Well, here we are in January already. Welcome to Tax Season 2018.
While most of the big tax-code changes we’ve heard about in the tax legislation passed in December don’t take effect until TY 2018, there are still a few things preparers need to keep in mind this season.
Security drives most filing changes this season. Such is the case with Forms W-2. The PATH Act passed in 2015 mandates that W-2s must be filed with the Social Security Administration this season no later than January 31. Previously, the deadline for employers was the end of February—or even the end of March, if the forms were filed electronically.
The accelerated filing deadline also applies to some kinds of 1099-MISC that report non-employee compensation. Payments to independent contractors would be covered in this provision.
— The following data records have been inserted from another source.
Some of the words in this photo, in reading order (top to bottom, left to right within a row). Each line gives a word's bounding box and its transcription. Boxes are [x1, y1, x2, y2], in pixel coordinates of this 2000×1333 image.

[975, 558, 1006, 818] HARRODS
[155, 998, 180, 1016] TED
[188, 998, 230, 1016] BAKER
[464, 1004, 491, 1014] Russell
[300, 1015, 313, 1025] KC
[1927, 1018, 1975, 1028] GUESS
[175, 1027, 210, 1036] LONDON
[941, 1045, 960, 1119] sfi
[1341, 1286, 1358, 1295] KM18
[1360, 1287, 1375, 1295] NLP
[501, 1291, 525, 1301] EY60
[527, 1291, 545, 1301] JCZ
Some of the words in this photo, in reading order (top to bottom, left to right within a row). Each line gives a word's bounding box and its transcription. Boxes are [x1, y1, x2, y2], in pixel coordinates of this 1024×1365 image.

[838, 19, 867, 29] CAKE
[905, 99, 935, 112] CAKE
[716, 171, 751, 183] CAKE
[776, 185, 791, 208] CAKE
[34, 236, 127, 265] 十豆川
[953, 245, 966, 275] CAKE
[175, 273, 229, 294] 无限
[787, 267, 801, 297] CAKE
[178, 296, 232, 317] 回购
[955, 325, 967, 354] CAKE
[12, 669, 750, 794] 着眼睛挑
Additionally, extensions of time to file W-2s are similarly affected. A single 30-day extension to file W-2s is all that’s available, and it’s not automatic. Requests for W-2 filing extension must be received no later than January 31.
As we mentioned, the acceleration in W-2 filing deadlines are security driven. The intention is to get the W-2 to the IRS sooner so they can make sure it’s legitimate and didn’t come from a tax fraud scammer.
Like last season, some refunds will be delayed by design. Taxpayers filing returns claiming either the Earned Income Tax Credit (EITC) or the Additional Child Tax Credit (ACTC) will see their refunds delayed until at least February 15. Remember that the return’s entire refund will be delayed, not just that portion attributable to the EITC or ACTC.
The delay in refunds are also part of the PATH Act provisions and are designed to give the IRS a little extra time to check returns for suspicious data that could indicate fraud.